I am trying to iterate through the elements of an XML document, and firing events on 'start' elements and 'end' elements.
This is pretty straight-forward in using Python's lxml module, and there is even another question on SO regarding this:
Using Python's xml.etree to find element start and end character offsets
#!/usr/bin/python
import re, sys
from lxml import etree
from StringIO import StringIO
dtd = etree.DTD (open (sys.argv [1], "r"))
xml = etree.XML (open (sys.argv [2], "r").read ())

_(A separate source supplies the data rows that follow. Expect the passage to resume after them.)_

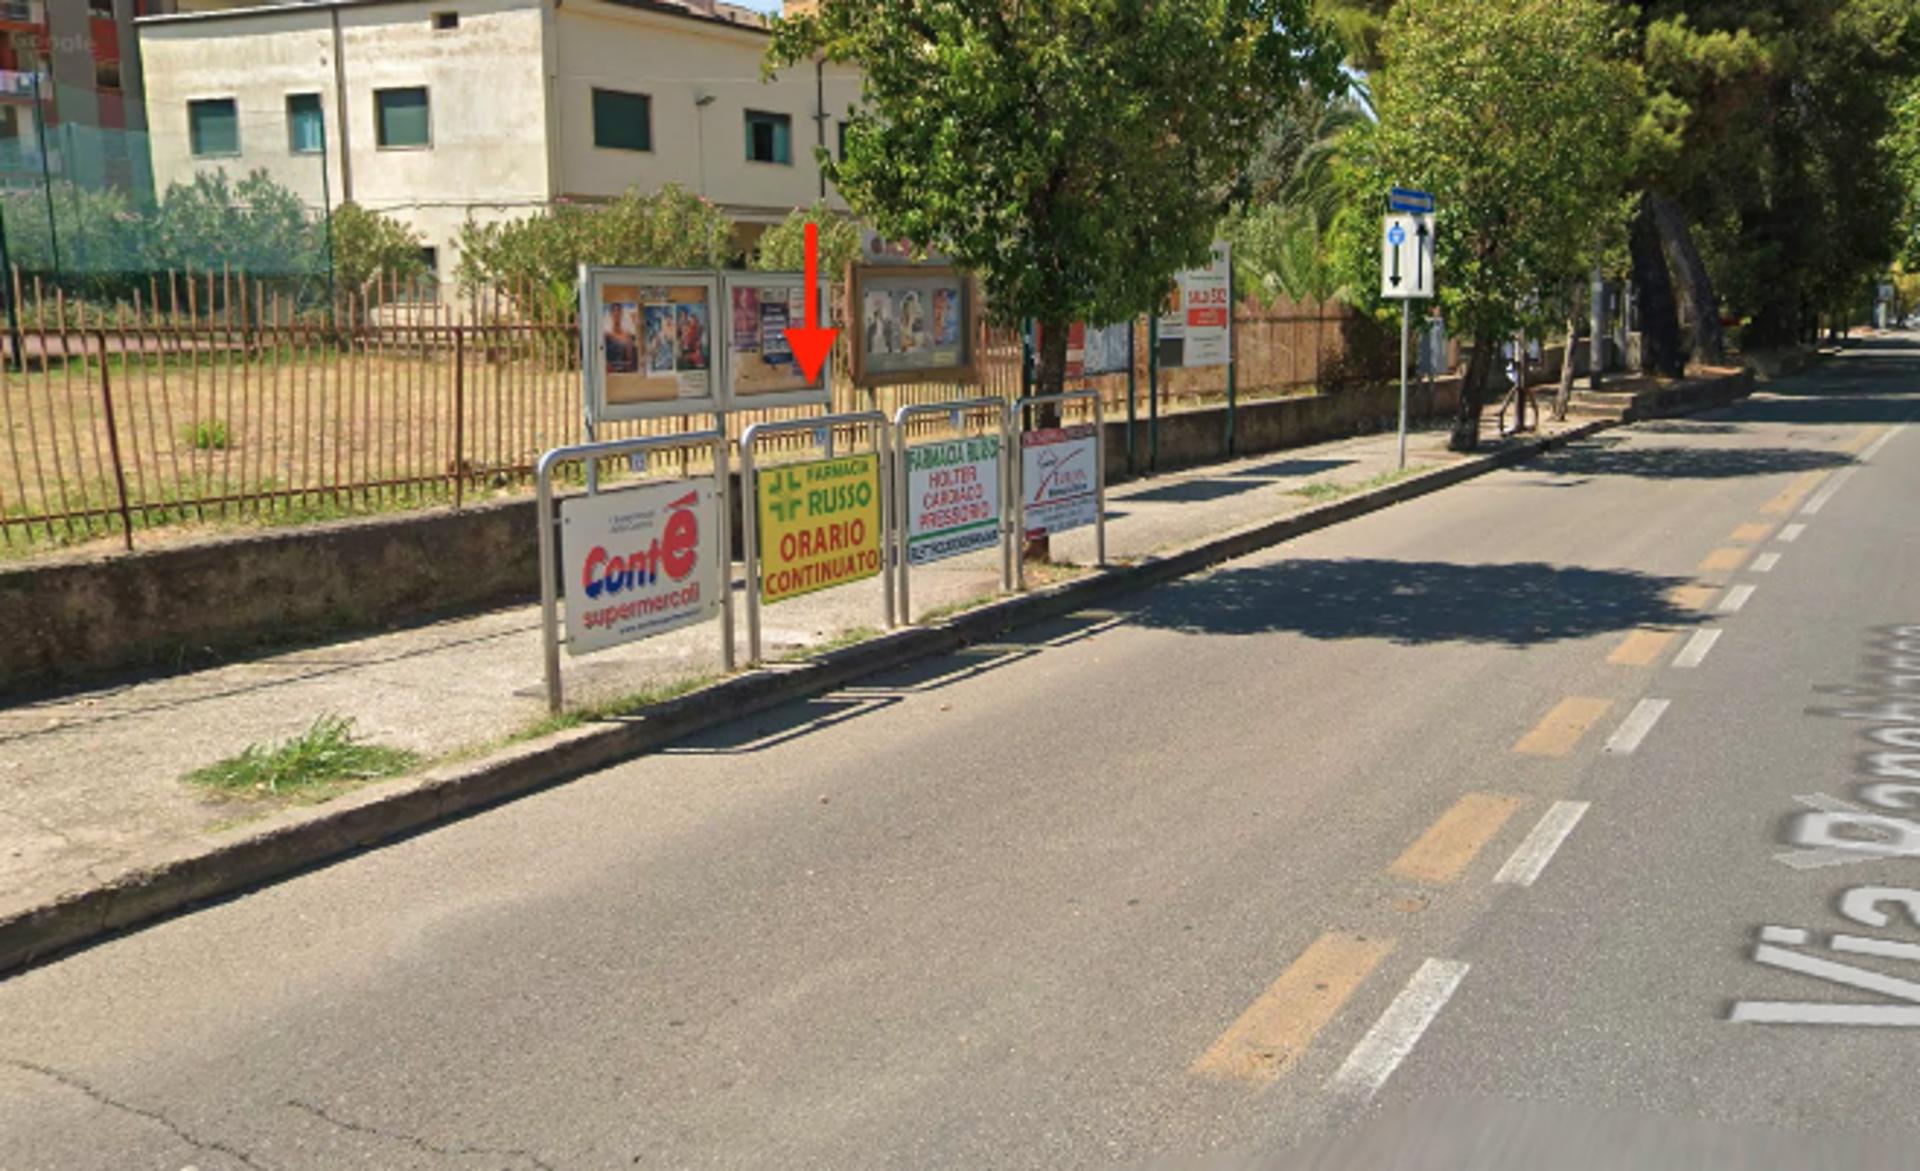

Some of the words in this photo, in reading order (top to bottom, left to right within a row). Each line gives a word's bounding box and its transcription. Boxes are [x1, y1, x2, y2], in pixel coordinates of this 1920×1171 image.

[806, 460, 869, 482] FARMACIA
[807, 480, 872, 517] RUSSO
[581, 489, 698, 599] Conté
[779, 517, 866, 563] ORARIO
[765, 548, 878, 596] CONTINUATO
[582, 582, 701, 630] supermercati

result = dtd.validate (xml)
for error in dtd.error_log.filter_from_errors():
print(error.message)
print(error.line)
print(error.column)
if result == True :
for event, elem in etree.iterwalk (xml, events=('start', 'end')) :
if event == 'start' :
print 'starting element:', elem.tag
elif event == 'end' :
print 'ending element:', elem.tag
if elem is not xml :
print elem.tail
I would like to do essentially the same thing using the tinyxml2 C++ XML library, but I have not had any luck with this so far [specifically finding closing tags].
I prefer tinyxml2 as it is 'tiny', but I am open to other C++ XML libs if they can achieve this end (more easily).
If there is a better way to fire events on 'end tags' I am open to that as well.